Cantwell doesn't mince words, but he got the concepts right: violence breeds violence, and we should have no pity for dead criminals on either side of a gang war — only for innocent victims like Eric Garner, Tamir Rice, James Whitehead, and countless murdered by the killer smurfs as well as by gangsters in different garb.
Does that mean "we" should actively go after the costumed villains? No. First, there is no "we" — everyone's case is his own, of which he is the sole ultimate judge. Second, it is generally unwise to fight people who possess superior force; maybe you care about a particular criminal being dead more than you care to live, but that's not the case for most people, and that's alright. Third, the process of violence itself is toxic, and it's unclear at best how you can fuel it without making things worse. Finally, get your personal priorities straight: is killing a criminal the greatest good you can do on earth? Especially since in the absence of mass resistance that would be the last useful thing you do?
Note that their conspiracy to cage and/or kill anyone who'd try to hold any one of them accountable for victimizing the public is of course is how the gangsters informally organized in this weakly-coordinated distributed gang known as the Establishment stay in power. That's also why not only is there no "we", there will be no organization of "I"'s either as long as they can efficiently spy on the public and control communications.
Now even assuming you decide that your time has come anyway and you might as well go berserk against the established criminals, the pseudo-random distribution with which you choose your target says a lot about your morality and wisdom, or lack thereof.
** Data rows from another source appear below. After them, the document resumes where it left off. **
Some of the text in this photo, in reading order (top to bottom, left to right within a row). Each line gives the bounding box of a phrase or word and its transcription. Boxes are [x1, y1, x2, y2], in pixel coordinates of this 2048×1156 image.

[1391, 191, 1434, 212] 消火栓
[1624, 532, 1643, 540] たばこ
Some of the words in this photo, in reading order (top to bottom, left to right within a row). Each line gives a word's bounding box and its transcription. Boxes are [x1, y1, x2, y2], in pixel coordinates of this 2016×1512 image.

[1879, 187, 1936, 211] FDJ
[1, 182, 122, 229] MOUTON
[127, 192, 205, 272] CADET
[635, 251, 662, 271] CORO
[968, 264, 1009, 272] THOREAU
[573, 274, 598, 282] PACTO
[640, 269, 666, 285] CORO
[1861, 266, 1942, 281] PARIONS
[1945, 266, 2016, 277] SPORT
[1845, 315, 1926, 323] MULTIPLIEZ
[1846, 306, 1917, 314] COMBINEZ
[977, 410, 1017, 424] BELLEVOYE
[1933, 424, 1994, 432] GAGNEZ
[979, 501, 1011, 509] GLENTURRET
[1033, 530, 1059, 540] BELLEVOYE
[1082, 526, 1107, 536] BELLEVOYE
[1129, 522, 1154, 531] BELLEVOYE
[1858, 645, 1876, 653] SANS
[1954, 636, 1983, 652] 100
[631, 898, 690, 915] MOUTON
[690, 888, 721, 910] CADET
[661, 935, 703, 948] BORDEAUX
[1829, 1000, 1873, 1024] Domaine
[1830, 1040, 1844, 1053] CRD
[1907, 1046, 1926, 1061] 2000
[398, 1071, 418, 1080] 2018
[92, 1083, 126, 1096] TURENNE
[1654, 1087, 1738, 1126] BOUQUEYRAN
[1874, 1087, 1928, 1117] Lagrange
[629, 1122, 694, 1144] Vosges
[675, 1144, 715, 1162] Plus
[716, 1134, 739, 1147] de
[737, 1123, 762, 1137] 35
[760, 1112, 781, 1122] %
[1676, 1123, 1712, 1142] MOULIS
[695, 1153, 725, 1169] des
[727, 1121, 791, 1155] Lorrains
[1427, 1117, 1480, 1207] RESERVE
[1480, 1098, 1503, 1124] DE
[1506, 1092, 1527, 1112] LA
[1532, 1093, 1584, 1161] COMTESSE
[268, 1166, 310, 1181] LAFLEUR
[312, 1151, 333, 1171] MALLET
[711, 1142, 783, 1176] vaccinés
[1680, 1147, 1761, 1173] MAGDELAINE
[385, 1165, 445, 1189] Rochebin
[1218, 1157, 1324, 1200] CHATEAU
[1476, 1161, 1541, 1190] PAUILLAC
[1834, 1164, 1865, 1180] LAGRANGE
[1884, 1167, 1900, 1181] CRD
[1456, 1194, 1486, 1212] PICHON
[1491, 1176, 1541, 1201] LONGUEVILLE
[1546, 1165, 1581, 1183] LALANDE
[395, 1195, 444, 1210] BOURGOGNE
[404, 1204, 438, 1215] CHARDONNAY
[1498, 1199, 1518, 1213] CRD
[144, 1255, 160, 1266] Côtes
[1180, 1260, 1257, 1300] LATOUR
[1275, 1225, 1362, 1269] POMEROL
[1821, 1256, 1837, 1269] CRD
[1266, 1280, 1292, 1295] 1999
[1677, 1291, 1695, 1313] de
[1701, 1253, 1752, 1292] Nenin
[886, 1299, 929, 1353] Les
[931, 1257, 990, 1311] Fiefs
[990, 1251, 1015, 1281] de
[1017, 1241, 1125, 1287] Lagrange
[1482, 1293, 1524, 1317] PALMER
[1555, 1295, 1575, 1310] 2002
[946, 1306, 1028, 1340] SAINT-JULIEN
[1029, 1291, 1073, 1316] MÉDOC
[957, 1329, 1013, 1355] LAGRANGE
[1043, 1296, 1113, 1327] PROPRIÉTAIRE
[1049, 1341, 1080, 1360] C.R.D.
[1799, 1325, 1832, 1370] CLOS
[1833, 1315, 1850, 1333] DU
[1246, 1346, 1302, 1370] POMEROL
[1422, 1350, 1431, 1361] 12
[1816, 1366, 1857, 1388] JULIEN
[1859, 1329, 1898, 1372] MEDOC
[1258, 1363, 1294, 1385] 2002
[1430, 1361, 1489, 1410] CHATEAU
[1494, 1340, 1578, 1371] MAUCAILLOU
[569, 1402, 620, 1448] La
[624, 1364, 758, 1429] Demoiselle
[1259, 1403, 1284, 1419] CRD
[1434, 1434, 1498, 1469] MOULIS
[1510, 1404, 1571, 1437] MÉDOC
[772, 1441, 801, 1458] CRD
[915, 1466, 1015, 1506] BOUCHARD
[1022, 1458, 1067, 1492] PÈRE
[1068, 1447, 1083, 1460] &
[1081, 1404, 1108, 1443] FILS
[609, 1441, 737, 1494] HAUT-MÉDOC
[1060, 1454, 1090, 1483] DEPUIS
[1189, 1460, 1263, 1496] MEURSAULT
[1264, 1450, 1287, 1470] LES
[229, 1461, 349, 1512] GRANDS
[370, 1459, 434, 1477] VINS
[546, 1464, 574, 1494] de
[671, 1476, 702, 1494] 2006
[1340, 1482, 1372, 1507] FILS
If you pick unprovoked two random low-level enforcers in the street rather than go after one known for his zeal in evil, one known to have killed (of which there are only a few), or even against the direct managers of these enforcers, you are quite unwise in your moral priorities, which is another way of saying that you're evil yourself. The going after small criminals as such doesn't make you evil — what does make you evil is wasting your huge potential for good. Also, the preferring them as targets over bigger criminals, whether by conscious choice or by lack of thought, is quite evil for its adverse selection effect, barring other circumstances such as self-defence, or their being in the way of a bigger target.
Yet if after careful consideration you find that present use of desperate force against the Establishment truly is the best contribution you can make to all you hold dear, then my last advice to a man who finds he will fight a man-eating tiger with a knife is: don't try to clip its claws, much less to unroot its teeth — go for the jugular or carotid, the main blood vessels through which the blood flows to and from the head (that might be something between the treasury and the "intelligence" apparatus).
As for me, I have much better things to do than going after low-ranking thugs in this army of evil. It is a fact (therefore something neither happy nor unhappy) that, often, surrender is the best policy. And whereas its capability for violence is an essential asset for the state, that it monopolizes, and that progress in warfare technology seems to only reinforce, its asset both the most important these days and the most susceptible to be thrown off balance by technological progress is the willingness of its victims to identify with it. And so I believe that the best contribution I can make on the topic is in engineering better memetic resistance against mental parasites.